Your credit report contains a list of all your active accounts. This includes car loans, mortgages, student loans, credit cards and store cards. For each account you'll see a last reported date or RPT, current balance, highest balance, monthly payment and an account number. The letter I denotes installment loans such as mortgages that have a fixed term, while R identifies open-ended revolving debts such as credit cards. For every account, Equifax tracks a 24-month payment history with numbers ranging from 0 to 9. The code R0 denotes a revolving account that has been paid as agreed. R2 signifies a revolving debt that's 31 days or more past due. The code R8 means the loan ended in foreclosure or repossession.
Based on your credit report, Equifax assigns you a credit score. Scores range from a high of 850 to a low of 300. Most lenders regard a score in the high 600s as good. With this type of score you can get a mortgage, finance a car and open credit cards. Below this point, financing becomes harder to obtain, meaning you might need a cosigner. Scores below 600 are regarded as sub-prime or high-risk. At best sub-prime borrowers can obtain high interest rate debts; at worst they have no access to credit. Conversely, a score in the 800s entitles you to the lowest possible interest rates. Late payments, foreclosures and past due accounts negatively affect your score. Although your score is tied to your credit report, you can view your credit report once a year for free but generally must pay a fee to see your actual score.
Credit agencies associate credit applications with risk. Whenever you take on a new debt, there's a risk you might find yourself unable to handle the burden. When you apply for credit, lenders obtain credit reports from Equifax and other credit bureaus. A list of credit inquiries within the last 24 months appears on your credit report. Excessive inquiries can negatively impact your credit score. Inquiries can also raise eyebrows with lenders. For example, if 10 mortgage companies have checked your credit, are you shopping for rates or trying to simultaneously buy 10 homes?

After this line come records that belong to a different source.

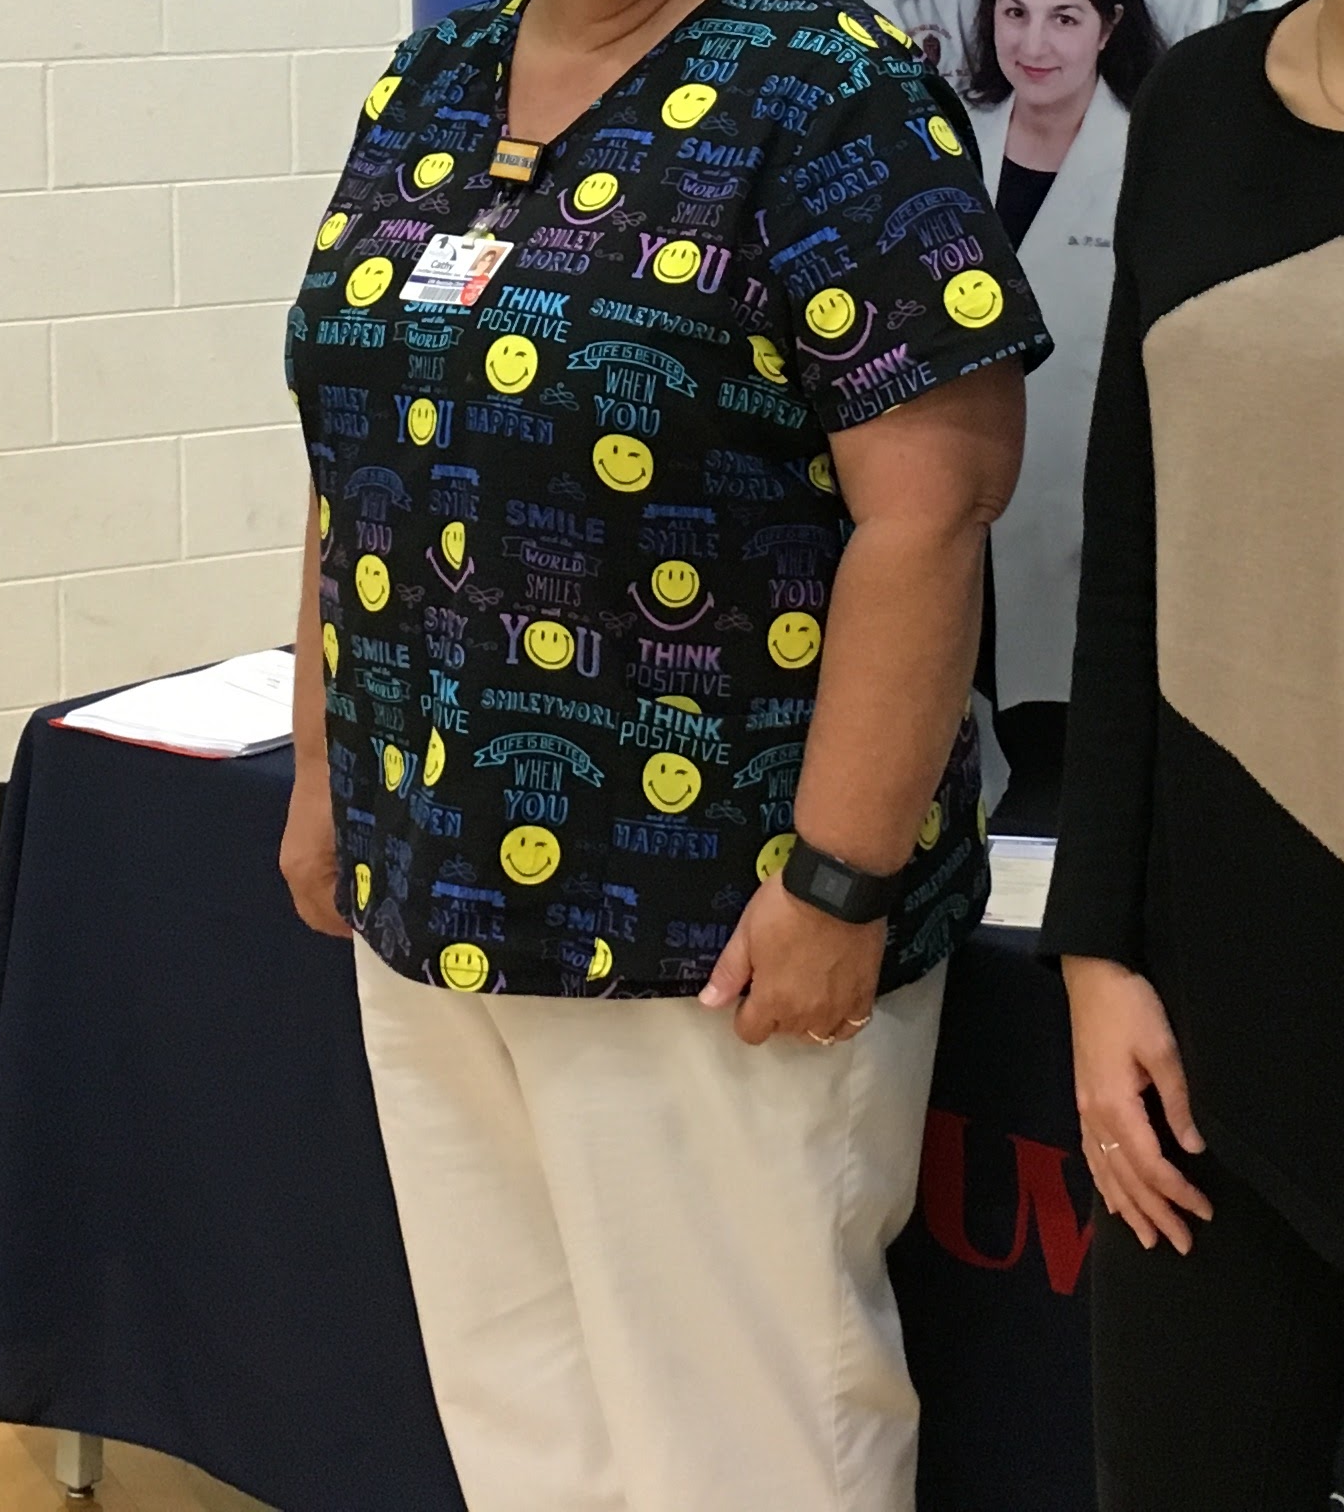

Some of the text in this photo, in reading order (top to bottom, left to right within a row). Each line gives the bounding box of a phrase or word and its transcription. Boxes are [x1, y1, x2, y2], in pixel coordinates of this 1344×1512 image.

[699, 37, 746, 61] WHEN
[680, 57, 739, 85] YOU
[793, 134, 877, 193] SMILEY
[682, 178, 734, 198] WORLD
[801, 160, 890, 217] WORLD
[370, 219, 435, 241] THINK
[671, 201, 724, 228] SMILES
[914, 209, 965, 249] WHEN
[529, 226, 605, 253] SMILEY
[516, 248, 591, 276] WORLD
[919, 234, 984, 282] YOU
[496, 285, 571, 319] THINK
[316, 320, 386, 349] HAPPEN
[408, 330, 449, 349] WORLD
[476, 307, 574, 344] POSITIVE
[408, 354, 446, 382] SMILES
[591, 345, 684, 380] LIFE IS BETTER
[831, 342, 917, 401] THINK
[606, 364, 657, 405] WHEN
[594, 394, 661, 438] YOU
[717, 382, 808, 429] HAPPEN
[465, 405, 554, 445] HAPPEN
[505, 498, 606, 544] SMILE
[524, 548, 582, 573] WORLD
[524, 573, 582, 607] SMILES
[768, 578, 825, 610] YOU
[638, 636, 723, 674] THINK
[625, 662, 733, 698] POSITIVE
[480, 687, 615, 731] SMILEYWORL
[637, 696, 724, 740] THINK
[497, 736, 590, 769] LIFE IS BETTER
[619, 720, 732, 765] POSITIVE
[514, 757, 564, 793] WHEN
[503, 788, 570, 826] YOU
[613, 823, 719, 860] HAPPEN
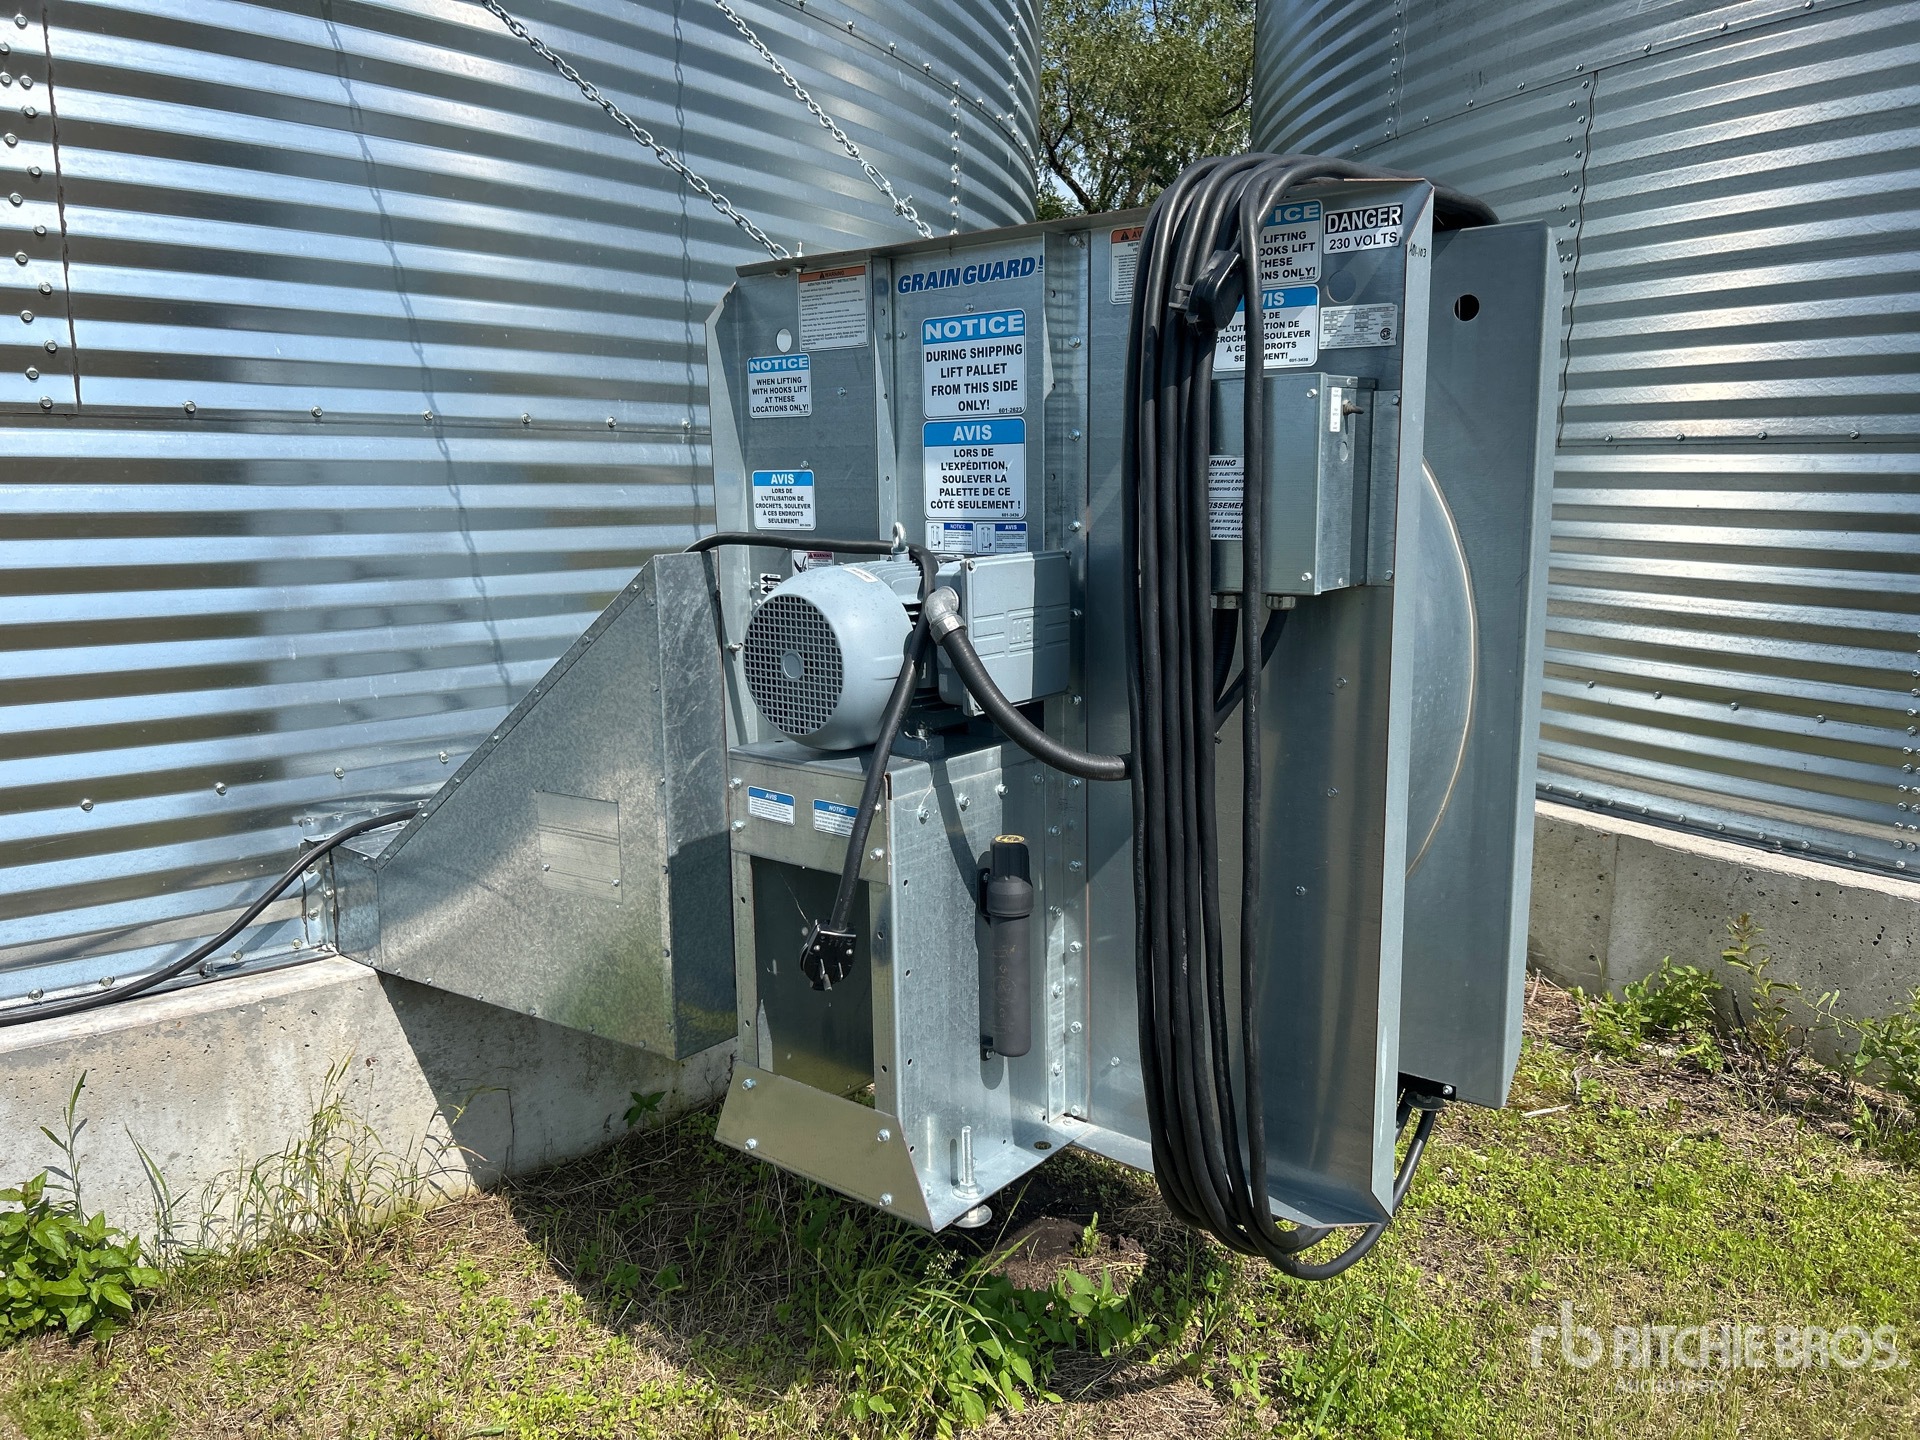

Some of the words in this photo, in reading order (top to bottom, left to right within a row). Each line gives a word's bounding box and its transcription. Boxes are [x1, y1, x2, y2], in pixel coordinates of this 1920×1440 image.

[1275, 204, 1319, 223] ICE
[1327, 206, 1401, 233] DANGER
[1264, 231, 1307, 244] LIFTING
[1329, 237, 1350, 250] 230
[1354, 232, 1397, 247] VOLTS
[1260, 245, 1288, 256] OOKS
[1292, 242, 1316, 253] LIFT
[1282, 267, 1316, 279] ONLY!
[925, 314, 1024, 340] NOTICE
[1264, 330, 1311, 340] SOULEVER
[1265, 341, 1297, 350] DROITS
[926, 348, 967, 363] DURING
[970, 343, 1023, 359] SHIPPING
[750, 357, 808, 371] NOTICE
[940, 366, 963, 379] LIFT
[966, 363, 1007, 377] PALLET
[777, 377, 802, 385] LIFTING
[931, 384, 961, 396] FROM
[964, 382, 989, 394] THIS
[992, 380, 1018, 392] SIDE
[752, 405, 787, 413] LOCATIONS
[958, 399, 990, 412] ONLY!
[953, 425, 992, 441] AVIS
[954, 449, 978, 458] LORS
[982, 448, 994, 457] DE
[941, 460, 1008, 471] L'EXPÉDITION,
[771, 474, 795, 485] AVIS
[942, 475, 992, 484] SOULEVER
[995, 474, 1007, 483] LA
[939, 488, 980, 496] PALETTE
[982, 488, 995, 496] DE
[998, 487, 1011, 496] CE
[930, 499, 955, 509] CÔTÉ
[957, 500, 1015, 509] SEULEMENT
[765, 793, 778, 801] AVIS
[829, 804, 848, 815] NOTICE

Among other things, lenders use your credit report to verify your identity. Discrepancies and inconsistencies are noted. For example, if you frequently move, your lenders will provide Equifax with a variety of residential addresses. Equifax may place an address discrepancy message on your report. Active duty military personnel may see the word "military" listed among biographical data. This is recorded as a way of explaining frequent address changes common for people in the military. If conflicting information raises red flags, Equifax may place a fraud alert on your report. This means you may have to take extra steps to verify your identity when applying for credit.